Emmanuel Macron est certes celui qui représente, aujourd’hui, le bloc bourgeois, mais ce dernier existait déjà avant l’arrivée du fondateur d’En Marche. Il peut très bien y avoir une compétition politique qui opposerait des candidats à la reprise en main de ce bloc.

Cette compétition s’illustre déjà dans la succession d’Emmanuel Macron…

Absolument. Le départ de Macron, qui ne peut pas se présenter une troisième fois, sauf s’il change la Constitution, ne signifiera pas la disparition du bloc bourgeois.

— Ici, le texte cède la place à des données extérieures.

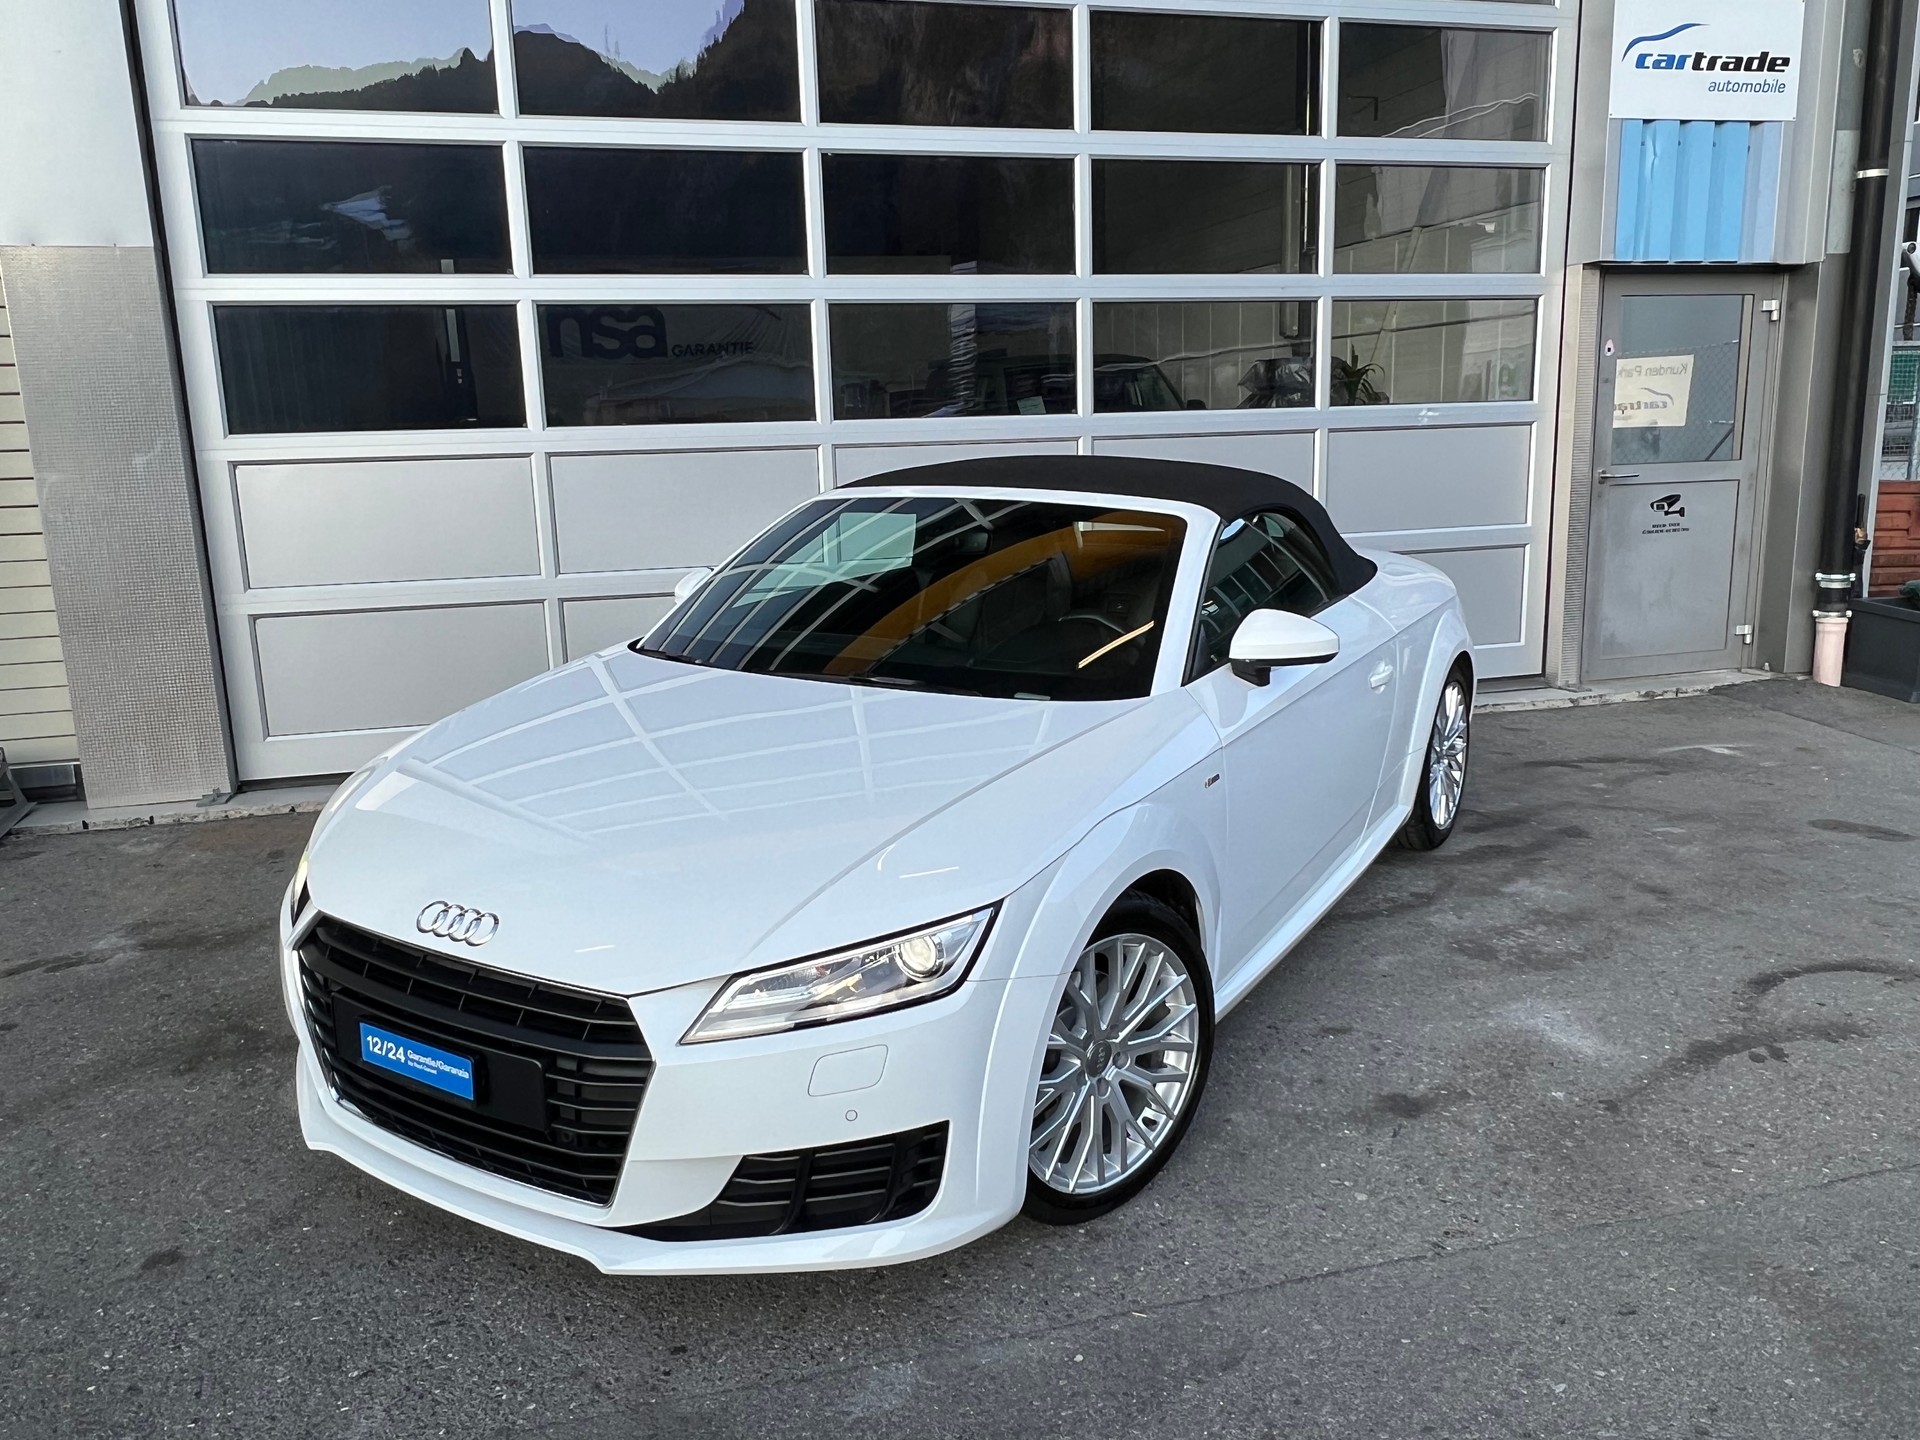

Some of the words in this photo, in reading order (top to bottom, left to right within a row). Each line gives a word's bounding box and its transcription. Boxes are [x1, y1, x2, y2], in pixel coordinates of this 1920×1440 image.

[1635, 51, 1791, 73] cartrade
[1708, 79, 1786, 94] automobile
[546, 306, 668, 359] nsa
[671, 341, 754, 358] GARANTIE
[366, 1035, 406, 1063] 12/24

Malgré lui, Emmanuel Macron a-t-il permis de clarifier, voire de mieux affirmer la place du bloc de gauche ?

Ce n’est jamais mécanique. Ce n’est pas Macron qui a tué le PS de François Hollande, c’est La France insoumise. Autrement dit, la dynamique est plus venue en interne que de la politique de Macron elle-même, puisqu’il s’est élargi à droite sans perdre sur sa gauche. Les groupes sociaux de centre gauche qui l’ont rallié en 2017 sont encore là en 2022. Les politologues proclament souvent qu’il existe un centre gauche qui se veut, certes, libéral économiquement, mais aussi ouvert et tolérant. C’est un mythe. Tous les aspects répressifs et liberticides des politiques de Hollande et de Macron n’ont jamais empêché le soutien de ces figures de centre gauche. Ce discours appartient à un certain groupe bourgeois et éduqué qui souhaite diffuser une représentation positive de lui-même.

Quelles conséquences la formation de la Nouvelle Union populaire, écologique et sociale pourrait-elle avoir pour ce bloc ?

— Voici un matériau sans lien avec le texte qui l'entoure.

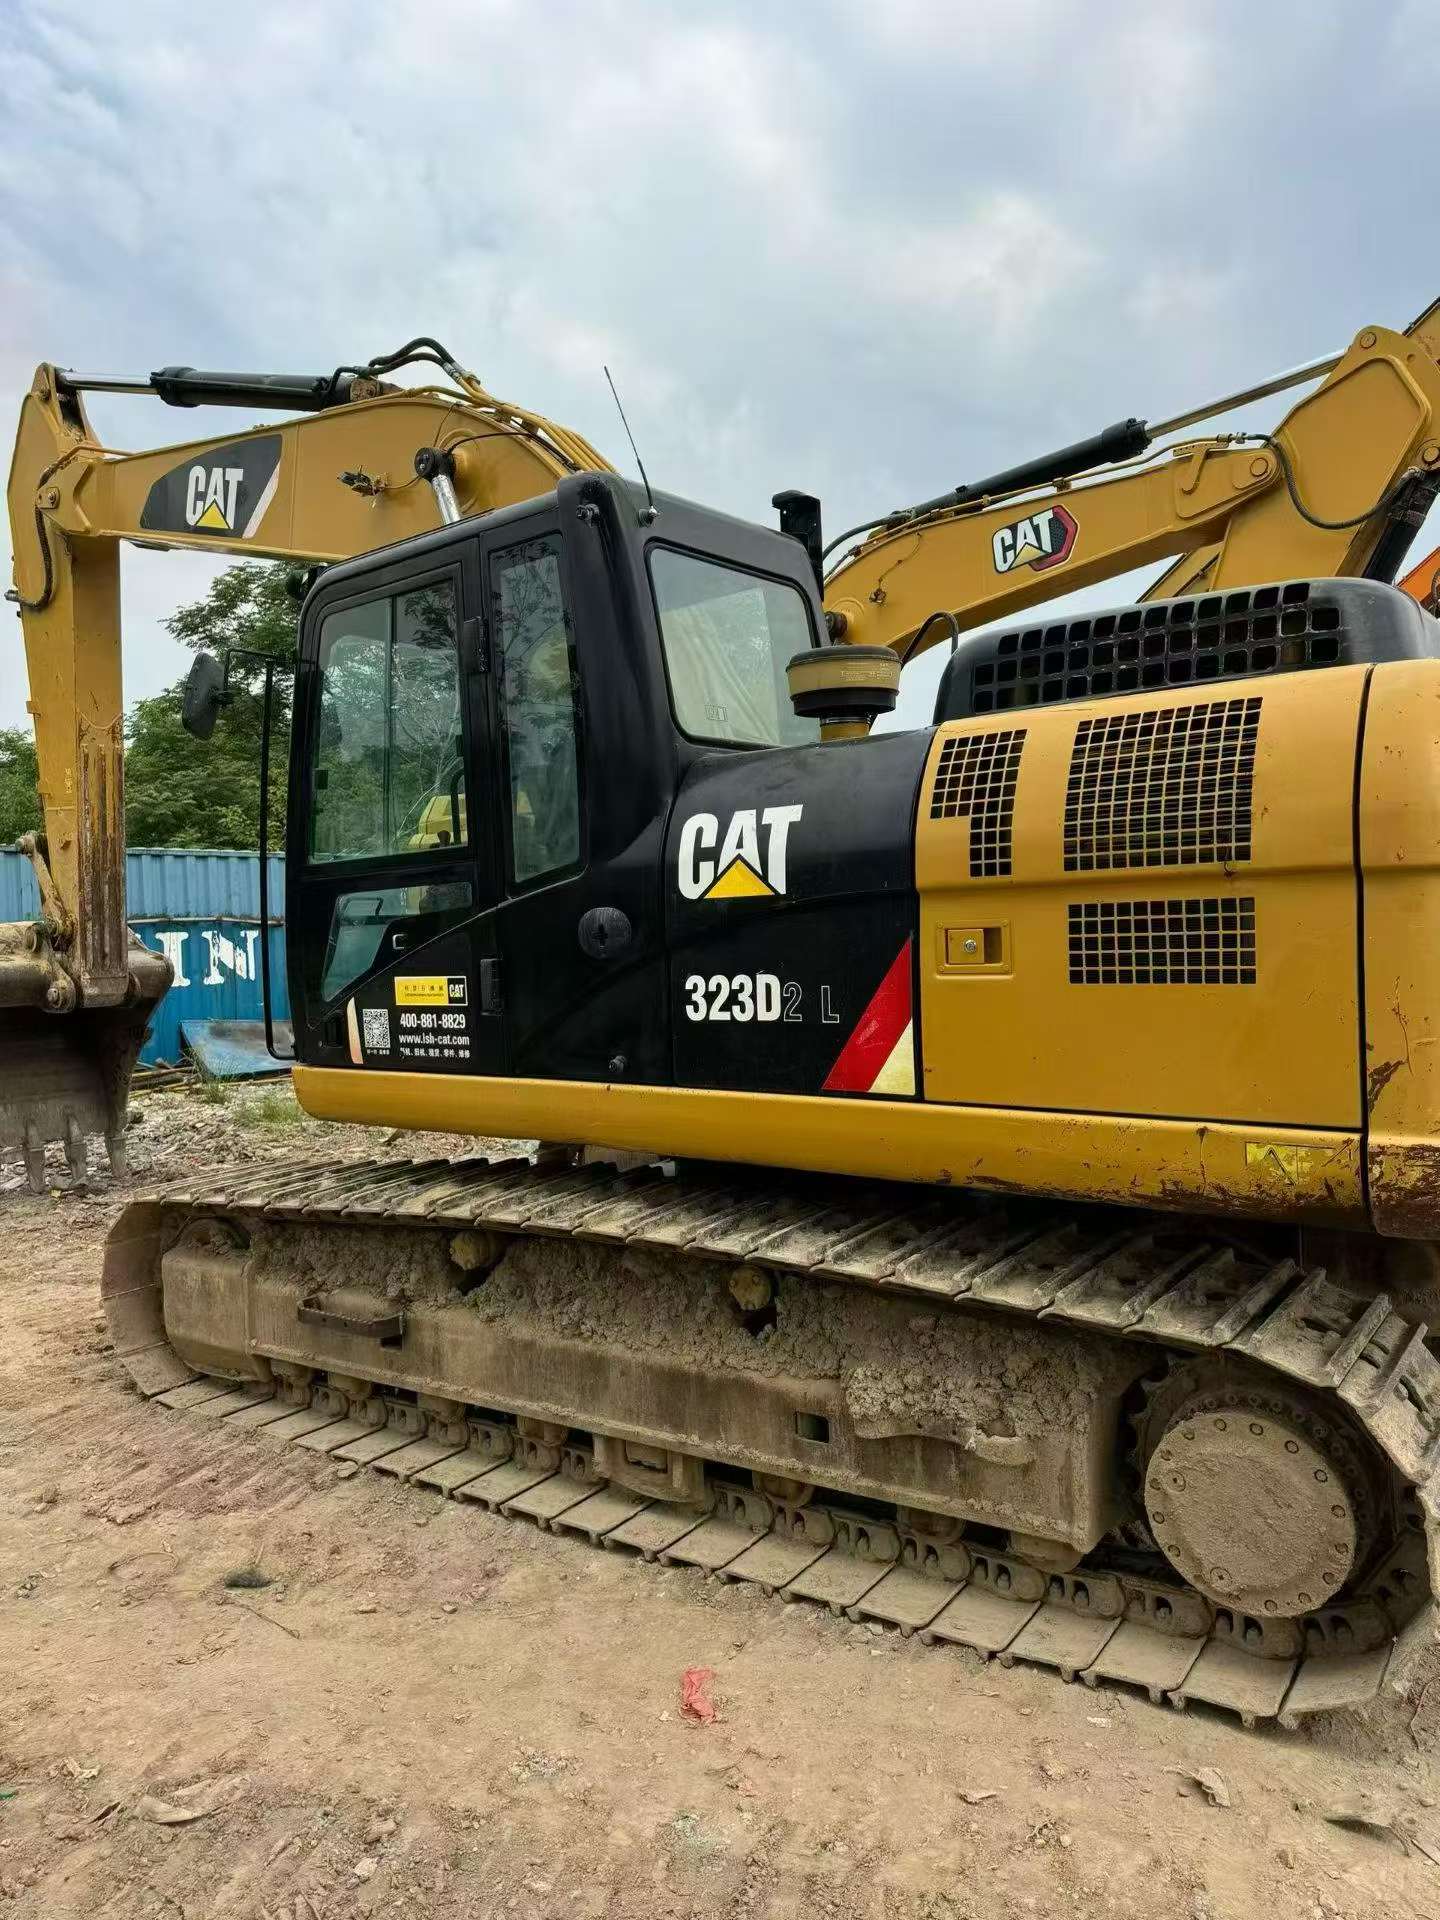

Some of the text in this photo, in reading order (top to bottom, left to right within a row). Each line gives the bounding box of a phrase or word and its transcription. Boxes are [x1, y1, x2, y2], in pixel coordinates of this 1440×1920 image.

[185, 465, 244, 530] CAT
[993, 509, 1054, 573] CAT
[678, 804, 804, 900] CAT
[449, 984, 464, 998] CAT
[821, 985, 840, 1024] L
[399, 1033, 470, 1045] www.lsh-cat.com
[400, 1013, 466, 1029] 400-881-8829

Il y a deux possibilités : la première, c’est que le bloc bourgeois diabolise cette union en espérant rallier la gauche modérée – on voit déjà des exemples se multiplier en ce sens – mais les effectifs, comme nous l’avons déjà dit, sont réduits. L’autre possibilité, plus inquiétante, c’est de refonder une opposition à cette Nouvelle Union populaire qui soit centrée sur des alliances thématiques entre le bloc bourgeois et la droite dure.

Le caractère autoritaire du néolibéralisme peut-il convaincre les défenseurs d’une droite illibérale ?

Il y a de nombreuses convergences, notamment dans la politique économique. Ces croisements d’intérêts peuvent créer un espace répressif et autoritaire dans lequel ces deux blocs, bourgeois et d’extrême droite, pourraient évoluer, pour s’opposer à un espace planificateur, social et écologiste.